Among the more significant contributors to the wildfire/biomass CO2 output this year were:

In the Siberian Arctic:

Thanks to the presence of higher temperatures and continued depletion of soil moisture in this area, wildfires particularly located in the Sakha Republic have been much larger and lasted longer than in past years. As the report explains, “the daily intensity of the fires reached above average levels since June and only began to subside in early September.”  

Data gathered by CAMS said Russian contributions to wildfire emissions this summer totaled some 970 million tons of CO2, with 806 million tons of that coming just from the Sakha Republic and Chukotka. The Arctic outside of Russia also released 66 million tons of CO2 between June and August this year.

Wildfire emissions and radiative power data for Summer of 2021

Left: Estimated carbon emissions for the period June-July-August and the years 2003-2021 for Sakha Republic in Russia. Right: Daily Fire Radiative Power, a measure for heat output, for fires in the Sakha Republic 2021. Photo: Copernicus Atmosphere Monitoring Service/ECMWF

In North America:  

Starting in late June and early July, and currently continuing, severe fires on a previously unseen scale have wiped out large forest regions in California, the Pacific Northwest, and several provinces in Canada.
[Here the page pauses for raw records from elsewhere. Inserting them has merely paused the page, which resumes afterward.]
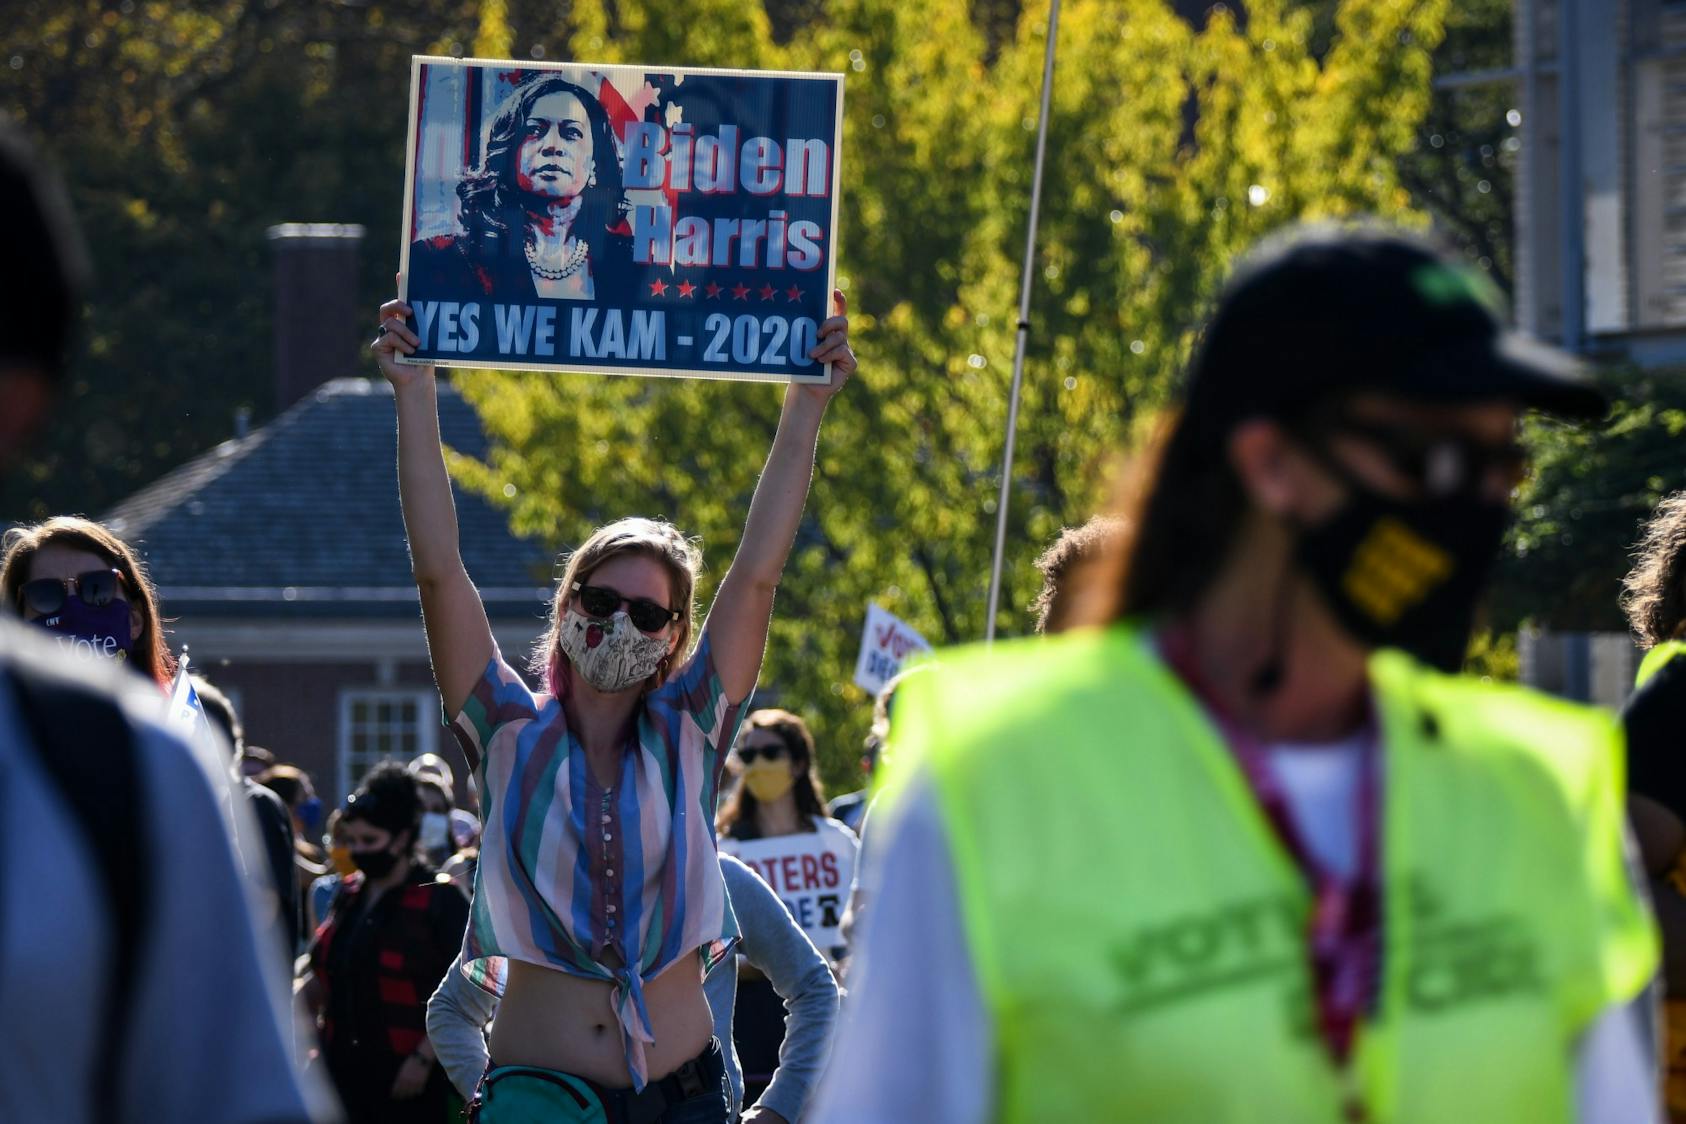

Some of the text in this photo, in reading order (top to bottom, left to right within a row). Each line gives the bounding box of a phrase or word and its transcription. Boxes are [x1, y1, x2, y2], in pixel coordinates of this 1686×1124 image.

[622, 121, 830, 198] Biden
[633, 205, 824, 271] Harris
[412, 301, 481, 353] YES
[494, 304, 556, 356] WE
[570, 307, 667, 361] KAM
[704, 312, 819, 367] 2020
[55, 633, 118, 662] Vote
[733, 851, 839, 892] TERS
Of special note for their persistence and intensity in this area this summer were the Dixie Fire in Northern California and Oregon’s Bootleg Fire. The Dixie Fire, the largest in the U.S. this summer and the second largest ever in California, began on July 13 and as of September 20 had destroyed 963,195 acres by the time it was mostly contained. The Bootleg Fire, which ran from July 6 through August 15, burned some 413,717 acres before it was finally put out. In both cases record-setting high temperatures and widespread drought, along with powerful winds which kept the fires moving, were behind why North America was so strongly affected by wildfires this year.
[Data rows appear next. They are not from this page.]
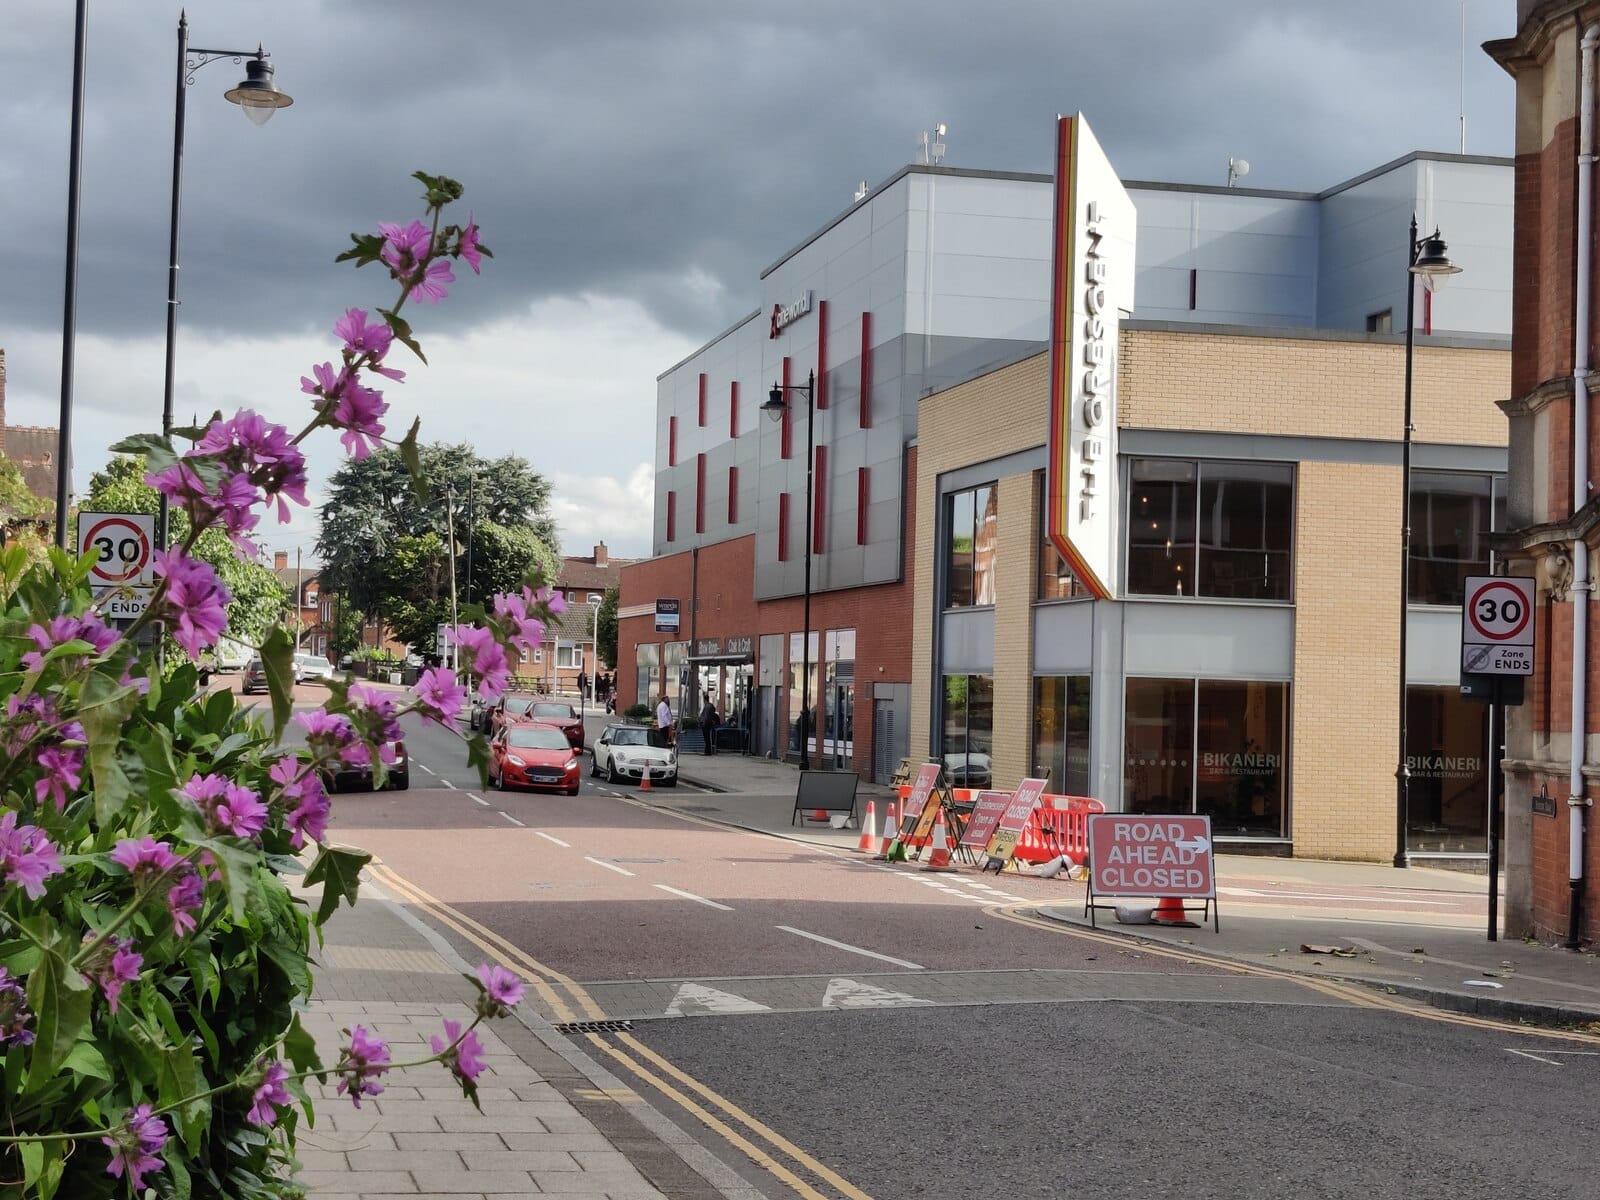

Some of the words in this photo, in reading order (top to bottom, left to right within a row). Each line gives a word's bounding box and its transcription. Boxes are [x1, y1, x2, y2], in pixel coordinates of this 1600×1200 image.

[1084, 200, 1106, 428] CRESCENT
[1079, 438, 1104, 525] THE
[94, 537, 140, 562] 30
[1479, 599, 1521, 623] 30
[1501, 650, 1524, 658] Zone
[1495, 660, 1530, 669] ENDS
[1204, 753, 1280, 767] BIKANERI
[1407, 756, 1480, 771] BIKANERI
[1006, 804, 1030, 819] CLOSED
[1114, 823, 1185, 841] ROAD
[1107, 846, 1196, 865] AHEAD
[1101, 868, 1203, 888] CLOSED
Summer 2021 California Wildfire Emissions and Radiative Power

Left: Estimated carbon emissions for the period June-July-August for Western USA in the years 2003-2021. Right: Daily total Fire Radiative Power for Western USA in 2021. Photo: Copernicus Atmosphere Monitoring Service/ECMWF

Around the perimeter of the Mediterranean Sea:  

While northern Europe made headlines earlier this summer primarily because of widespread flooding mostly in Germany and Belgium, this year southeast Europe suffered from an unusual pattern of extended heatwaves. That yielded the highest daily fire intensities in Turkey over four times as intense as anything previously recorded there. Powerful wildfires from the same root cause also spread rapidly throughout other coastal regions surrounding the Mediterranean Sea, including in Greece, Italy, Albania, North Macedonia, Algeria, Morocco, and Tunisia.

These fires were especially concerning as dangerous PM2.5 smoke particle concentrations spread throughout the region, forcing people indoors to avoid severe health problems. Wildlife were unable to escape the smoke.

GEFF fire danger forecasts initialized on 31 July 2021, showing 'very extreme' (purple shading) around the Mediterranean valid for 7 August. Credit: EFFIS Photo: The European Forest Fire Information System (EFFIS)

Beyond the numbers, the unavoidable conclusion of this year’s fire season is that we are now firmly in a time some are already referring to as the “Pyrocene” – the age of wildfires. It is a time which will produce continued carbon emissions into the atmosphere for decades to come, and keep causing temperatures to rise on the planet.

That will happen regardless of what human beings may finally figure out to cut its own direct carbon dioxide emissions contributions, perhaps by halting the use of coal for power production, eliminating all fossil fuel use in transportation, or eliminating all consumption of animals for food – a major contribution to carbon output in agriculture.